Activity: The whole listing below is to be copied exactly.

Supplied material:
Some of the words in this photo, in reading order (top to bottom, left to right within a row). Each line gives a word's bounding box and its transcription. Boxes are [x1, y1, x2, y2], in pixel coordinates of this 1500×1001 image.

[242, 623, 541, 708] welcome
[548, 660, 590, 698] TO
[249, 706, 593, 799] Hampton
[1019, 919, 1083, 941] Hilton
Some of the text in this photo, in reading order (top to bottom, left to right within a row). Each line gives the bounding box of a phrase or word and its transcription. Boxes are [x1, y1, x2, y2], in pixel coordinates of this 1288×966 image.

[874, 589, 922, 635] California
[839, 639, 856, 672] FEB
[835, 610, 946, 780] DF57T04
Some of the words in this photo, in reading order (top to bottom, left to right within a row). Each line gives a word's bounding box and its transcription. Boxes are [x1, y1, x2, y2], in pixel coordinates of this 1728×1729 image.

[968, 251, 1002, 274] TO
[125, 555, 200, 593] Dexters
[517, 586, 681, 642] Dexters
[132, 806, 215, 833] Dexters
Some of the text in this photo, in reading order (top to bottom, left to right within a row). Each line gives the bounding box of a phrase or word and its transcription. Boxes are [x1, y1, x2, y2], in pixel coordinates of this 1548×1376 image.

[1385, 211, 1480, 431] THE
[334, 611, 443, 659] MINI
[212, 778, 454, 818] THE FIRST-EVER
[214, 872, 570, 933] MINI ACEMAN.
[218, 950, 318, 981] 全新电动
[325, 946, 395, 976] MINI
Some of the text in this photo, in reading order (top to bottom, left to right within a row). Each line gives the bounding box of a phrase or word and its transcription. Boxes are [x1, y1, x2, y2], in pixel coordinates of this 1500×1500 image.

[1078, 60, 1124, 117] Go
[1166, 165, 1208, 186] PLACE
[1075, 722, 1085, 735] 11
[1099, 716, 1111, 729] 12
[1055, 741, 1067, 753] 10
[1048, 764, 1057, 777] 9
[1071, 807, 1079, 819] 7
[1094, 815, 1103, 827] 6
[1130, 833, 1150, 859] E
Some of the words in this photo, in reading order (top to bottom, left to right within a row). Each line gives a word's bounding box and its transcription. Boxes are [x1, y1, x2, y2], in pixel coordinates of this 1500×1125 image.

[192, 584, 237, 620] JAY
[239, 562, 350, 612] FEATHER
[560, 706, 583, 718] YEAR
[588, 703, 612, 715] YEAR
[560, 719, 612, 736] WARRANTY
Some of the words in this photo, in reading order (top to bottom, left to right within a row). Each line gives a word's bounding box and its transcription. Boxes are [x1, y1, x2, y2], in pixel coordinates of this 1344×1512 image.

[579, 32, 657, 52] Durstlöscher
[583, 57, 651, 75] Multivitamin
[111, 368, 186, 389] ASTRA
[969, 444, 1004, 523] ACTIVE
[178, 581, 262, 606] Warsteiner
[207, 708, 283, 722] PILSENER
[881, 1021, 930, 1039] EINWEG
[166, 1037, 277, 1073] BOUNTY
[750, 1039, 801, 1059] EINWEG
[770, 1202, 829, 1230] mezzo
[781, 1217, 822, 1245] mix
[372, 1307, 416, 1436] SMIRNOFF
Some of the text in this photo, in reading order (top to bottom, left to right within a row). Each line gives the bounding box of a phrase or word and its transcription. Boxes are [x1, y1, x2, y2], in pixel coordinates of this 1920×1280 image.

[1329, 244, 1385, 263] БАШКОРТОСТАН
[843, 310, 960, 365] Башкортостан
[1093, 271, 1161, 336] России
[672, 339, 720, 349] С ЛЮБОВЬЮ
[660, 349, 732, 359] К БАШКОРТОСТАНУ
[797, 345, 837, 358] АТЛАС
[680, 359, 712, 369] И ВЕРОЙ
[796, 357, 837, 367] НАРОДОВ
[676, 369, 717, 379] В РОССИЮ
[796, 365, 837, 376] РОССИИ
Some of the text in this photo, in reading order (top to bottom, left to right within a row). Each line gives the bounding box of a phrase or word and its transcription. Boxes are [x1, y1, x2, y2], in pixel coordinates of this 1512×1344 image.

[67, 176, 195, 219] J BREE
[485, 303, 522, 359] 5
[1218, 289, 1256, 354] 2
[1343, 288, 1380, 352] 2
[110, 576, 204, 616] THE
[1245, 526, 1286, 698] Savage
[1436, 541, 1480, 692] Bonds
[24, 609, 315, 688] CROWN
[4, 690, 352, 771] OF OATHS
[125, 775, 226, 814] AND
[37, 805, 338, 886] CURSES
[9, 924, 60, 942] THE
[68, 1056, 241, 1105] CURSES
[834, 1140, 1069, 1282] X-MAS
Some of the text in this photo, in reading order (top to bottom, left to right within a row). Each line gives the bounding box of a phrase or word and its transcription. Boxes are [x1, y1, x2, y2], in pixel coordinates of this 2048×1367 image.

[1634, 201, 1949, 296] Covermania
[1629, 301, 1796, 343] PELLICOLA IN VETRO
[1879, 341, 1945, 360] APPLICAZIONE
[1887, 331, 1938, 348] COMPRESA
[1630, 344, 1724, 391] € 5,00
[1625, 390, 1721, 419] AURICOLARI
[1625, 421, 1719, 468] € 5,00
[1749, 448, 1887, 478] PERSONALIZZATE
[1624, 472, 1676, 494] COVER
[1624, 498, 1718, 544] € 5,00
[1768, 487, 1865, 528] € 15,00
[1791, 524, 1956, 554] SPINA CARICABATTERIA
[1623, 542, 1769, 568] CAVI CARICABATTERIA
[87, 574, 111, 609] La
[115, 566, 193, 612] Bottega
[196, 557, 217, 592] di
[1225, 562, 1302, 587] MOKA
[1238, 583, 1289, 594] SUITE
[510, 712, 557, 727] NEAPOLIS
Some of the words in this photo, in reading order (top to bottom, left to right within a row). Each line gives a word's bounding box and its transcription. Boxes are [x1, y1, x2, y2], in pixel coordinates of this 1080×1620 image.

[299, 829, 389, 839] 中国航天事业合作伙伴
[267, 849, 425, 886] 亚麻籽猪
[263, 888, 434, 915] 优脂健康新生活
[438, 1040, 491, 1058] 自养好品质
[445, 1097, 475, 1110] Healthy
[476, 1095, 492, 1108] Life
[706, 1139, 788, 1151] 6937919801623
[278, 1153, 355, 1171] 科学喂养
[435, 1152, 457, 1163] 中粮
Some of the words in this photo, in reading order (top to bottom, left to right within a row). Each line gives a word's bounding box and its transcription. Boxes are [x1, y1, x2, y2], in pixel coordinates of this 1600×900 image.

Response area:
Some of the words in this photo, in reading order (top to bottom, left to right within a row). Each line gives a word's bounding box and its transcription. Boxes are [x1, y1, x2, y2], in pixel coordinates of this 1500×1001 image.

[242, 623, 541, 708] welcome
[548, 660, 590, 698] TO
[249, 706, 593, 799] Hampton
[1019, 919, 1083, 941] Hilton
Some of the text in this photo, in reading order (top to bottom, left to right within a row). Each line gives the bounding box of a phrase or word and its transcription. Boxes are [x1, y1, x2, y2], in pixel coordinates of this 1288×966 image.

[874, 589, 922, 635] California
[839, 639, 856, 672] FEB
[835, 610, 946, 780] DF57T04
Some of the words in this photo, in reading order (top to bottom, left to right within a row). Each line gives a word's bounding box and its transcription. Boxes are [x1, y1, x2, y2], in pixel coordinates of this 1728×1729 image.

[968, 251, 1002, 274] TO
[125, 555, 200, 593] Dexters
[517, 586, 681, 642] Dexters
[132, 806, 215, 833] Dexters
Some of the text in this photo, in reading order (top to bottom, left to right within a row). Each line gives the bounding box of a phrase or word and its transcription. Boxes are [x1, y1, x2, y2], in pixel coordinates of this 1548×1376 image.

[1385, 211, 1480, 431] THE
[334, 611, 443, 659] MINI
[212, 778, 454, 818] THE FIRST-EVER
[214, 872, 570, 933] MINI ACEMAN.
[218, 950, 318, 981] 全新电动
[325, 946, 395, 976] MINI
Some of the text in this photo, in reading order (top to bottom, left to right within a row). Each line gives the bounding box of a phrase or word and its transcription. Boxes are [x1, y1, x2, y2], in pixel coordinates of this 1500×1500 image.

[1078, 60, 1124, 117] Go
[1166, 165, 1208, 186] PLACE
[1075, 722, 1085, 735] 11
[1099, 716, 1111, 729] 12
[1055, 741, 1067, 753] 10
[1048, 764, 1057, 777] 9
[1071, 807, 1079, 819] 7
[1094, 815, 1103, 827] 6
[1130, 833, 1150, 859] E
Some of the words in this photo, in reading order (top to bottom, left to right within a row). Each line gives a word's bounding box and its transcription. Boxes are [x1, y1, x2, y2], in pixel coordinates of this 1500×1125 image.

[192, 584, 237, 620] JAY
[239, 562, 350, 612] FEATHER
[560, 706, 583, 718] YEAR
[588, 703, 612, 715] YEAR
[560, 719, 612, 736] WARRANTY
Some of the words in this photo, in reading order (top to bottom, left to right within a row). Each line gives a word's bounding box and its transcription. Boxes are [x1, y1, x2, y2], in pixel coordinates of this 1344×1512 image.

[579, 32, 657, 52] Durstlöscher
[583, 57, 651, 75] Multivitamin
[111, 368, 186, 389] ASTRA
[969, 444, 1004, 523] ACTIVE
[178, 581, 262, 606] Warsteiner
[207, 708, 283, 722] PILSENER
[881, 1021, 930, 1039] EINWEG
[166, 1037, 277, 1073] BOUNTY
[750, 1039, 801, 1059] EINWEG
[770, 1202, 829, 1230] mezzo
[781, 1217, 822, 1245] mix
[372, 1307, 416, 1436] SMIRNOFF
Some of the text in this photo, in reading order (top to bottom, left to right within a row). Each line gives the bounding box of a phrase or word and its transcription. Boxes are [x1, y1, x2, y2], in pixel coordinates of this 1920×1280 image.

[1329, 244, 1385, 263] БАШКОРТОСТАН
[843, 310, 960, 365] Башкортостан
[1093, 271, 1161, 336] России
[672, 339, 720, 349] С ЛЮБОВЬЮ
[660, 349, 732, 359] К БАШКОРТОСТАНУ
[797, 345, 837, 358] АТЛАС
[680, 359, 712, 369] И ВЕРОЙ
[796, 357, 837, 367] НАРОДОВ
[676, 369, 717, 379] В РОССИЮ
[796, 365, 837, 376] РОССИИ
Some of the text in this photo, in reading order (top to bottom, left to right within a row). Each line gives the bounding box of a phrase or word and its transcription. Boxes are [x1, y1, x2, y2], in pixel coordinates of this 1512×1344 image.

[67, 176, 195, 219] J BREE
[485, 303, 522, 359] 5
[1218, 289, 1256, 354] 2
[1343, 288, 1380, 352] 2
[110, 576, 204, 616] THE
[1245, 526, 1286, 698] Savage
[1436, 541, 1480, 692] Bonds
[24, 609, 315, 688] CROWN
[4, 690, 352, 771] OF OATHS
[125, 775, 226, 814] AND
[37, 805, 338, 886] CURSES
[9, 924, 60, 942] THE
[68, 1056, 241, 1105] CURSES
[834, 1140, 1069, 1282] X-MAS
Some of the text in this photo, in reading order (top to bottom, left to right within a row). Each line gives the bounding box of a phrase or word and its transcription. Boxes are [x1, y1, x2, y2], in pixel coordinates of this 2048×1367 image.

[1634, 201, 1949, 296] Covermania
[1629, 301, 1796, 343] PELLICOLA IN VETRO
[1879, 341, 1945, 360] APPLICAZIONE
[1887, 331, 1938, 348] COMPRESA
[1630, 344, 1724, 391] € 5,00
[1625, 390, 1721, 419] AURICOLARI
[1625, 421, 1719, 468] € 5,00
[1749, 448, 1887, 478] PERSONALIZZATE
[1624, 472, 1676, 494] COVER
[1624, 498, 1718, 544] € 5,00
[1768, 487, 1865, 528] € 15,00
[1791, 524, 1956, 554] SPINA CARICABATTERIA
[1623, 542, 1769, 568] CAVI CARICABATTERIA
[87, 574, 111, 609] La
[115, 566, 193, 612] Bottega
[196, 557, 217, 592] di
[1225, 562, 1302, 587] MOKA
[1238, 583, 1289, 594] SUITE
[510, 712, 557, 727] NEAPOLIS
Some of the words in this photo, in reading order (top to bottom, left to right within a row). Each line gives a word's bounding box and its transcription. Boxes are [x1, y1, x2, y2], in pixel coordinates of this 1080×1620 image.

[299, 829, 389, 839] 中国航天事业合作伙伴
[267, 849, 425, 886] 亚麻籽猪
[263, 888, 434, 915] 优脂健康新生活
[438, 1040, 491, 1058] 自养好品质
[445, 1097, 475, 1110] Healthy
[476, 1095, 492, 1108] Life
[706, 1139, 788, 1151] 6937919801623
[278, 1153, 355, 1171] 科学喂养
[435, 1152, 457, 1163] 中粮
Some of the words in this photo, in reading order (top to bottom, left to right within a row). Each line gives a word's bounding box and its transcription. Boxes are [x1, y1, x2, y2], in pixel coordinates of this 1600×900 image.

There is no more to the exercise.